**What is needed**
All entries below need to be written out exactly, but without their pictures.

###

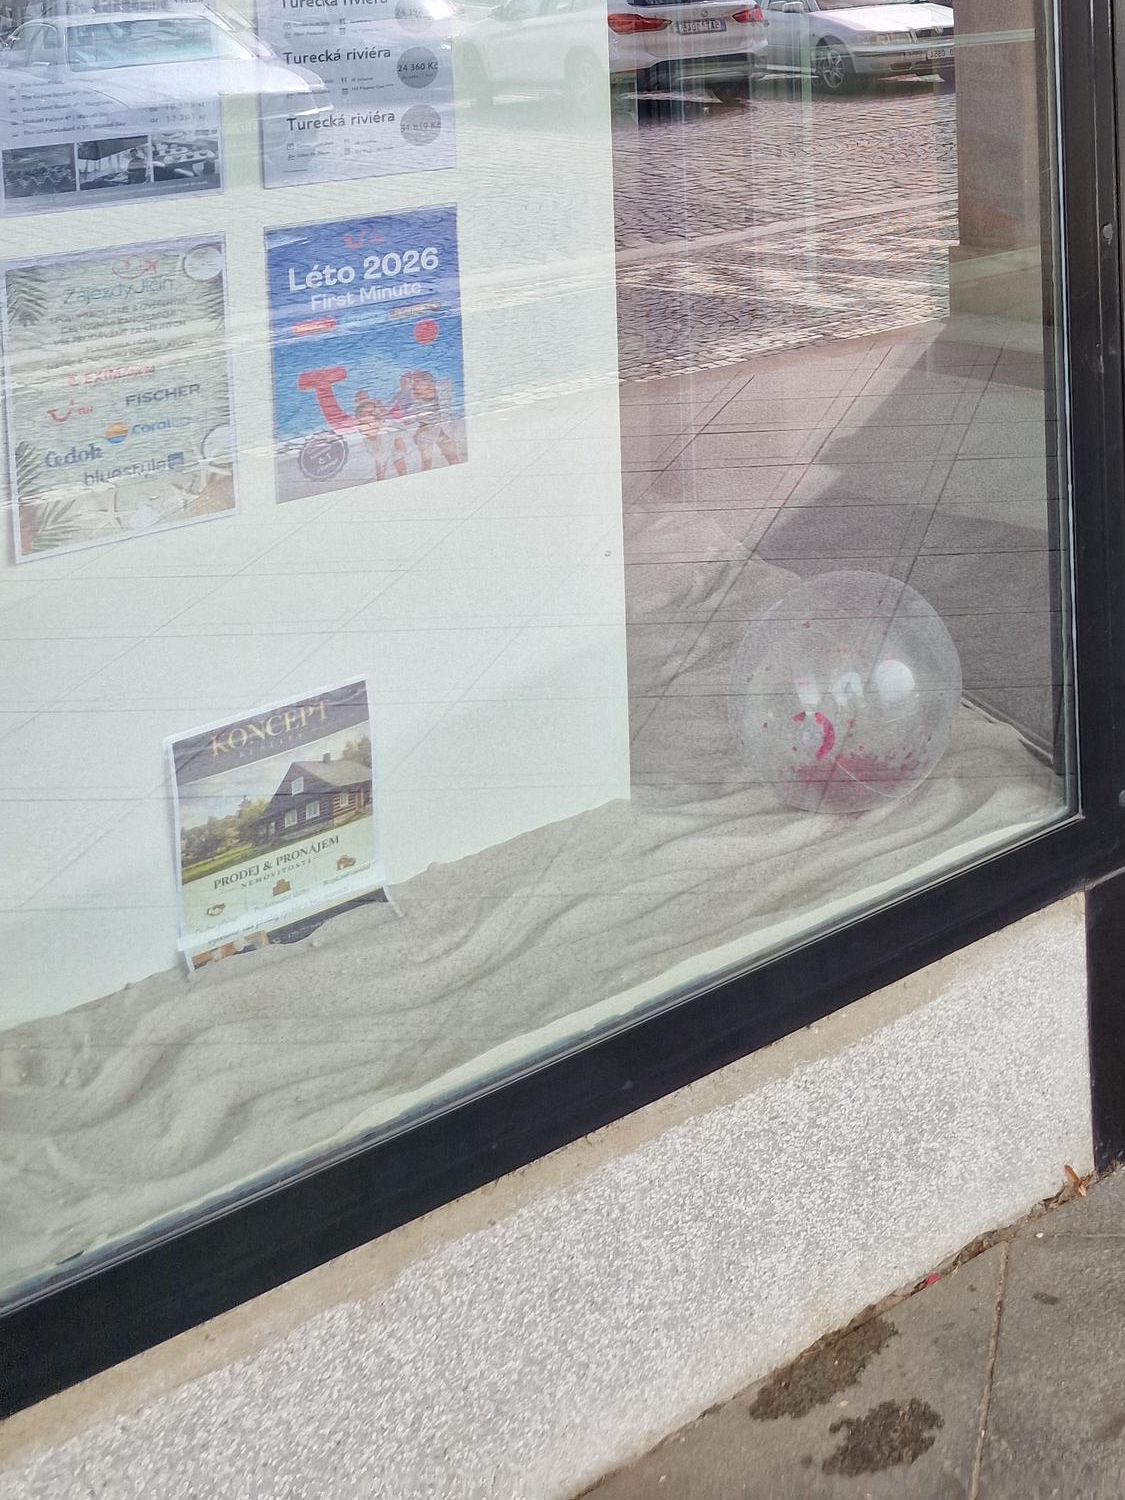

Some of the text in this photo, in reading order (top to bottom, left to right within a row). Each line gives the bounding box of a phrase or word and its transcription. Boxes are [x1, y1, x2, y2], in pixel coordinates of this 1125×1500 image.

[283, 46, 392, 65] Turecká riviéra
[286, 110, 395, 131] Turecká riviéra
[288, 247, 439, 292] Léto 2026
[311, 281, 422, 311] First Minute
[125, 383, 200, 407] FISCHER
[210, 698, 329, 757] KONCEPT
[213, 834, 340, 890] PRODEJ & PRONÁJEM
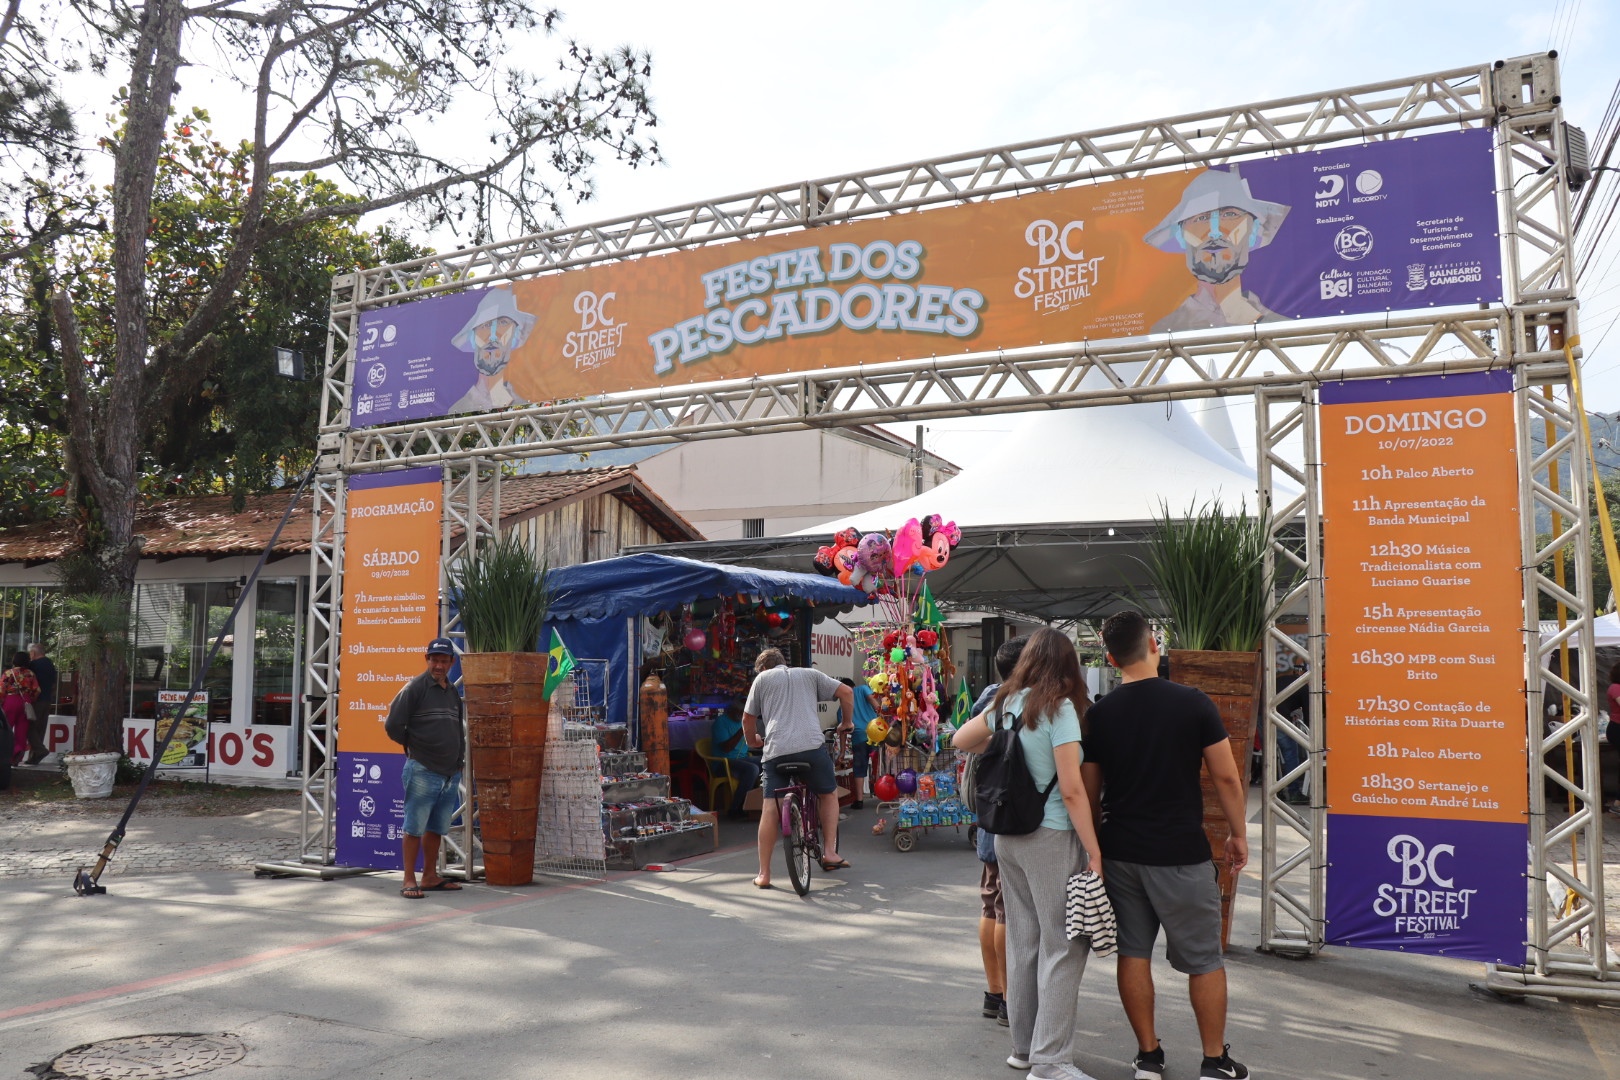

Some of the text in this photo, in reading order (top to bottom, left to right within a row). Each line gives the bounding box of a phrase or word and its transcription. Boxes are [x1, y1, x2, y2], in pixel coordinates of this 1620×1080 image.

[1313, 163, 1350, 172] Patrocínio
[1315, 199, 1340, 208] NDTV
[1316, 214, 1354, 224] Realização
[1416, 217, 1453, 226] Secretaria
[1423, 226, 1452, 234] Turismo
[1025, 219, 1084, 265] BC
[1341, 232, 1366, 249] BC
[1410, 232, 1473, 244] Desenvolvimento
[1422, 242, 1461, 251] Econômico
[701, 240, 922, 307] FESTA DOS
[1014, 256, 1104, 298] STREET
[1320, 268, 1352, 280] Cultura
[1357, 268, 1392, 276] FUNDAÇÃO
[1429, 266, 1481, 278] BALNEÁRIO
[1430, 272, 1482, 285] CAMBORIÚ
[1358, 281, 1392, 289] BALNEÁRIO
[1358, 287, 1391, 295] CAMBORIÚ
[1034, 284, 1091, 311] FESTIVAL
[574, 291, 616, 330] BC
[648, 283, 984, 374] PESCADORES
[562, 322, 628, 358] STREET
[575, 346, 616, 368] FESTIVAL
[1344, 408, 1487, 435] DOMINGO
[1378, 437, 1453, 451] 10/07/2022
[1361, 465, 1474, 480] 10h Palco Aberto
[351, 498, 435, 518] PROGRAMAÇÃO
[1353, 496, 1486, 512] 11h Apresentação da
[1368, 512, 1470, 526] Banda Municipal
[1370, 541, 1471, 558] 12h30 Música
[363, 548, 420, 567] SÁBADO
[1360, 560, 1452, 572] Tradicionalista
[371, 570, 410, 578] 09/07/2022
[1371, 576, 1471, 587] Luciano Guarise
[355, 591, 366, 604] 7h
[394, 592, 426, 601] simbólico
[354, 606, 361, 614] de
[362, 606, 390, 614] camarão
[1363, 602, 1482, 620] 15h Apresentação
[357, 615, 422, 625] Balneário Camboriú
[1355, 622, 1490, 633] circense Nádia Garcia
[348, 642, 365, 655] 19h
[397, 645, 405, 653] do
[1352, 649, 1496, 666] 16h30 MPB com Susi
[357, 670, 375, 682] 20h
[376, 674, 394, 682] Palco
[1407, 670, 1438, 680] Brito
[349, 699, 366, 710] 21h
[1358, 696, 1491, 714] 17h30 Contação de
[1344, 716, 1505, 729] Histórias com Rita Duarte
[1367, 742, 1482, 760] 18h Palco Aberto
[1361, 773, 1414, 791] 18h30
[1418, 780, 1478, 794] Sertanejo
[1352, 793, 1499, 809] Gaúcho com André Luis
[1387, 834, 1455, 888] BC
[1373, 883, 1477, 919] STREET
[1395, 916, 1460, 933] FESTIVAL
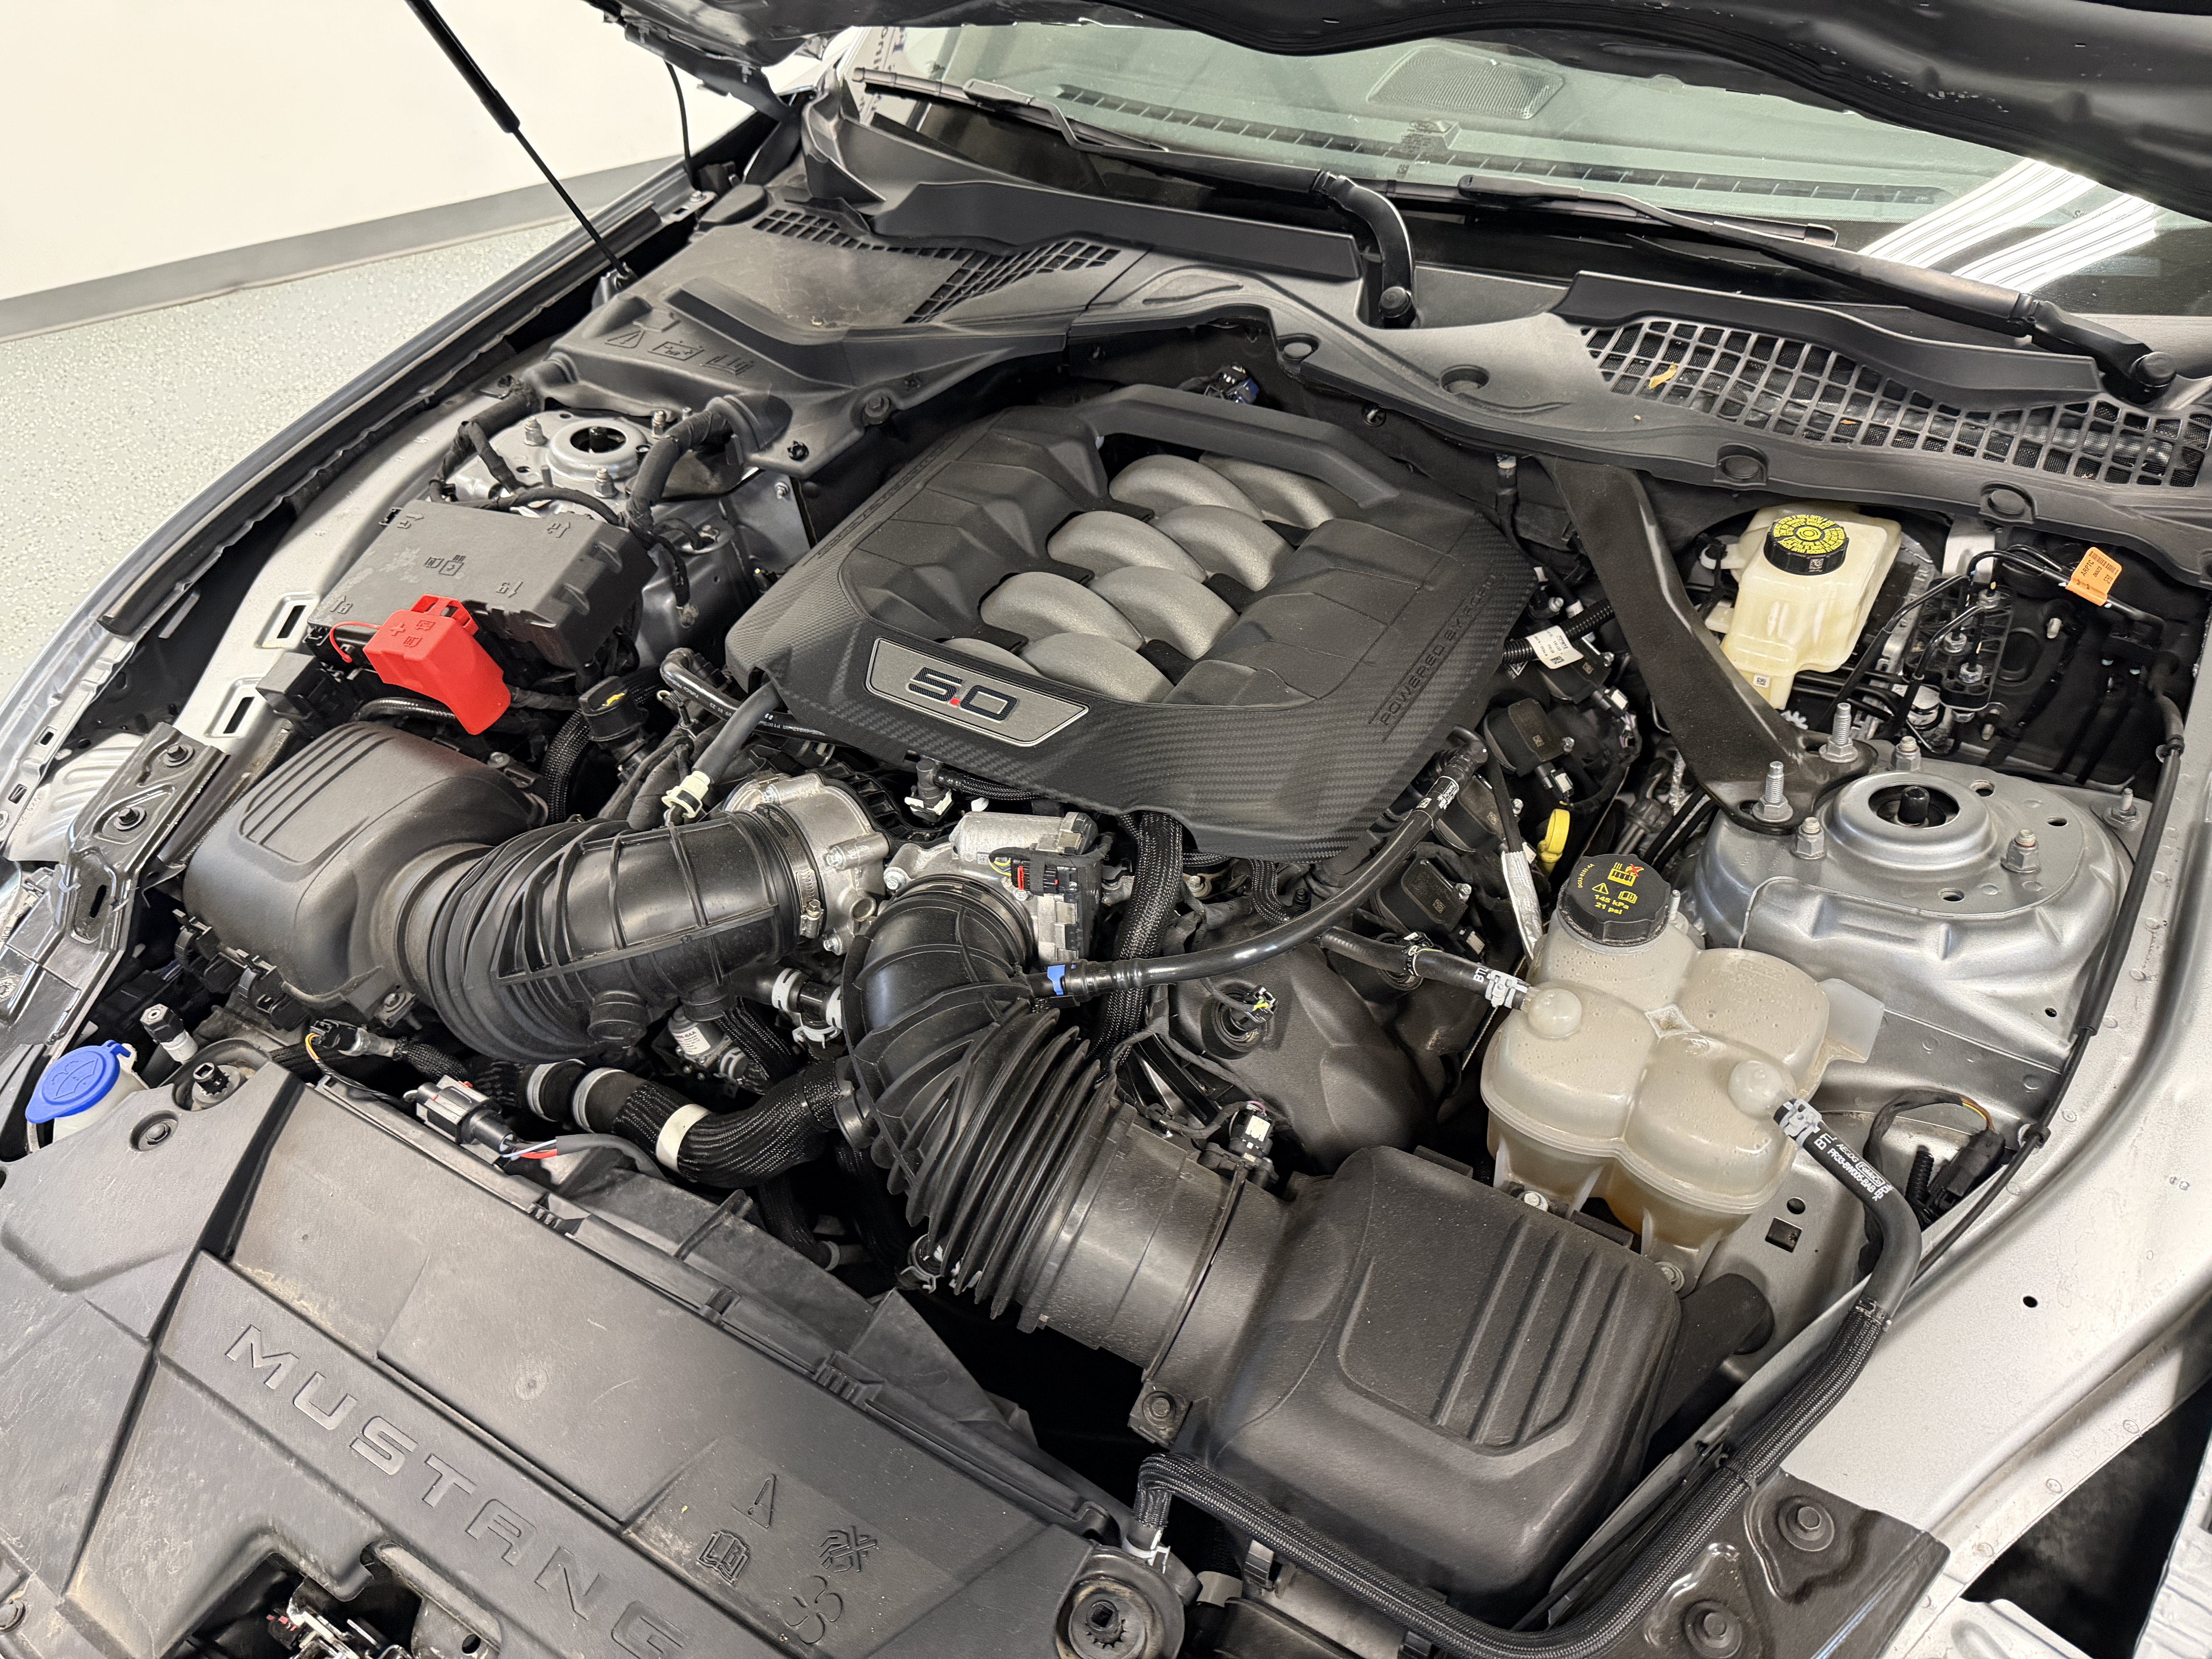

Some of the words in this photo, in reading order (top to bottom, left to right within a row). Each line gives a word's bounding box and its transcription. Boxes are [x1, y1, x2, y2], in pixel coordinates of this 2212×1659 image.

###

**Exercise response**
Some of the text in this photo, in reading order (top to bottom, left to right within a row). Each line gives the bounding box of a phrase or word and its transcription. Boxes are [x1, y1, x2, y2], in pixel coordinates of this 1125×1500 image.

[283, 46, 392, 65] Turecká riviéra
[286, 110, 395, 131] Turecká riviéra
[288, 247, 439, 292] Léto 2026
[311, 281, 422, 311] First Minute
[125, 383, 200, 407] FISCHER
[210, 698, 329, 757] KONCEPT
[213, 834, 340, 890] PRODEJ & PRONÁJEM

Some of the text in this photo, in reading order (top to bottom, left to right within a row). Each line gives the bounding box of a phrase or word and its transcription. Boxes are [x1, y1, x2, y2], in pixel coordinates of this 1620×1080 image.

[1313, 163, 1350, 172] Patrocínio
[1315, 199, 1340, 208] NDTV
[1316, 214, 1354, 224] Realização
[1416, 217, 1453, 226] Secretaria
[1423, 226, 1452, 234] Turismo
[1025, 219, 1084, 265] BC
[1341, 232, 1366, 249] BC
[1410, 232, 1473, 244] Desenvolvimento
[1422, 242, 1461, 251] Econômico
[701, 240, 922, 307] FESTA DOS
[1014, 256, 1104, 298] STREET
[1320, 268, 1352, 280] Cultura
[1357, 268, 1392, 276] FUNDAÇÃO
[1429, 266, 1481, 278] BALNEÁRIO
[1430, 272, 1482, 285] CAMBORIÚ
[1358, 281, 1392, 289] BALNEÁRIO
[1358, 287, 1391, 295] CAMBORIÚ
[1034, 284, 1091, 311] FESTIVAL
[574, 291, 616, 330] BC
[648, 283, 984, 374] PESCADORES
[562, 322, 628, 358] STREET
[575, 346, 616, 368] FESTIVAL
[1344, 408, 1487, 435] DOMINGO
[1378, 437, 1453, 451] 10/07/2022
[1361, 465, 1474, 480] 10h Palco Aberto
[351, 498, 435, 518] PROGRAMAÇÃO
[1353, 496, 1486, 512] 11h Apresentação da
[1368, 512, 1470, 526] Banda Municipal
[1370, 541, 1471, 558] 12h30 Música
[363, 548, 420, 567] SÁBADO
[1360, 560, 1452, 572] Tradicionalista
[371, 570, 410, 578] 09/07/2022
[1371, 576, 1471, 587] Luciano Guarise
[355, 591, 366, 604] 7h
[394, 592, 426, 601] simbólico
[354, 606, 361, 614] de
[362, 606, 390, 614] camarão
[1363, 602, 1482, 620] 15h Apresentação
[357, 615, 422, 625] Balneário Camboriú
[1355, 622, 1490, 633] circense Nádia Garcia
[348, 642, 365, 655] 19h
[397, 645, 405, 653] do
[1352, 649, 1496, 666] 16h30 MPB com Susi
[357, 670, 375, 682] 20h
[376, 674, 394, 682] Palco
[1407, 670, 1438, 680] Brito
[349, 699, 366, 710] 21h
[1358, 696, 1491, 714] 17h30 Contação de
[1344, 716, 1505, 729] Histórias com Rita Duarte
[1367, 742, 1482, 760] 18h Palco Aberto
[1361, 773, 1414, 791] 18h30
[1418, 780, 1478, 794] Sertanejo
[1352, 793, 1499, 809] Gaúcho com André Luis
[1387, 834, 1455, 888] BC
[1373, 883, 1477, 919] STREET
[1395, 916, 1460, 933] FESTIVAL

Some of the words in this photo, in reading order (top to bottom, left to right within a row). Each line gives a word's bounding box and its transcription. Boxes are [x1, y1, x2, y2], in pixel coordinates of this 2212×1659 image.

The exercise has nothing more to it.